The gateway replaces all three with one deployment: IdP-based auth (no per-developer credential step), gateway-enforced managed-settings.json (no manual laptop-by-laptop pushes), and a usage collector the org operates (spend visibility without bespoke tooling). This is the Bedrock/GCP-specific counterpart to what Anthropic’s admin-analytics post (published the same week) ships for orgs on Anthropic’s own hosted infrastructure — same underlying goals (policy enforcement, per-user cost attribution), different deployment target.
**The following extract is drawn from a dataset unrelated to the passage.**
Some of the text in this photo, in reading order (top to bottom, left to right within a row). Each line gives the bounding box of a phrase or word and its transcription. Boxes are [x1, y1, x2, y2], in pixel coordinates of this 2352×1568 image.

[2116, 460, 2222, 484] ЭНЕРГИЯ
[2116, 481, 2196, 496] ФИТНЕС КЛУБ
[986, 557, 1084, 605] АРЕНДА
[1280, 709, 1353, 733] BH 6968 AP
How It Fits the Existing Governance Model

This is infrastructure-level enforcement, not prompt-level instruction — the same category of control Agent Guardrails argues for generally: a PreToolUse hook or managed settings, not a CLAUDE.md instruction, is the right tool for an absolute must, because prompted instructions can fail under pressure or via injection. The gateway takes that same logic to the identity/access layer: SSO and centrally enforced managed-settings.json are policy an individual developer’s local settings can’t override, distributed and enforced by infrastructure the org — not the developer’s laptop — controls. It’s also a direct instantiation of the never trust, always verify and least privilege principles in Anthropic’s Zero Trust for AI Agents eBook: every request authenticates against the org’s own IdP regardless of where it originates, and role-based access scopes what each developer can do rather than granting broad standing access.

Try It

  • If your org already runs Claude Code on Bedrock or Google Cloud, read the getting-started doc (code.claude.com/docs/en/claude-apps-gateway) before your next credential-provisioning cycle — the gateway may eliminate the per-developer credential step entirely.
  • Check whether your managed-settings.json policy is currently enforced centrally or just distributed by convention. The gateway’s value is specifically that policy is enforced consistently on every request, not just pushed once and trusted to stick.
  • If you’re evaluating build-vs-buy for a self-hosted spend-attribution tool for Claude Code, note that Anthropic is publishing the gateway’s protocol — worth checking whether an existing internal tool can integrate against it instead of being replaced by it.

Open Questions

  • The post’s own “How the gateway works” section states “The gateway handles:” followed by what was evidently a structured bullet list in the live page — the list did not survive extraction as text (a common failure mode for accordion/icon-list components on claude.com). The “Deploying the gateway” paragraph is the reliable paraphrase; the exact original bullet wording is not reproduced here to avoid inventing it.
  • No pricing, licensing, or self-hosting resource-requirement detail (CPU/memory sizing for the PostgreSQL-backed container) is given in the post.
  • The page’s own “Related posts” carousel names four companion announcements — all four now resolved: “Claude Cowork is coming to mobile and web” (folded into claude-cowork.md/cowork-getting-started.md), “Bringing Claude Code and Claude Cowork to government” (new article), “Auto mode for Claude Code” (new hub article, 2026-07-16), and “Making Claude Cowork ready for enterprise” (folded into claude-cowork.md’s existing Apr 8 timeline row + a new Customer case studies section, 2026-07-16).
  • Whether the gateway supports platforms beyond Bedrock and Google Cloud (e.g., Azure) is not addressed — the post scopes explicitly to those two.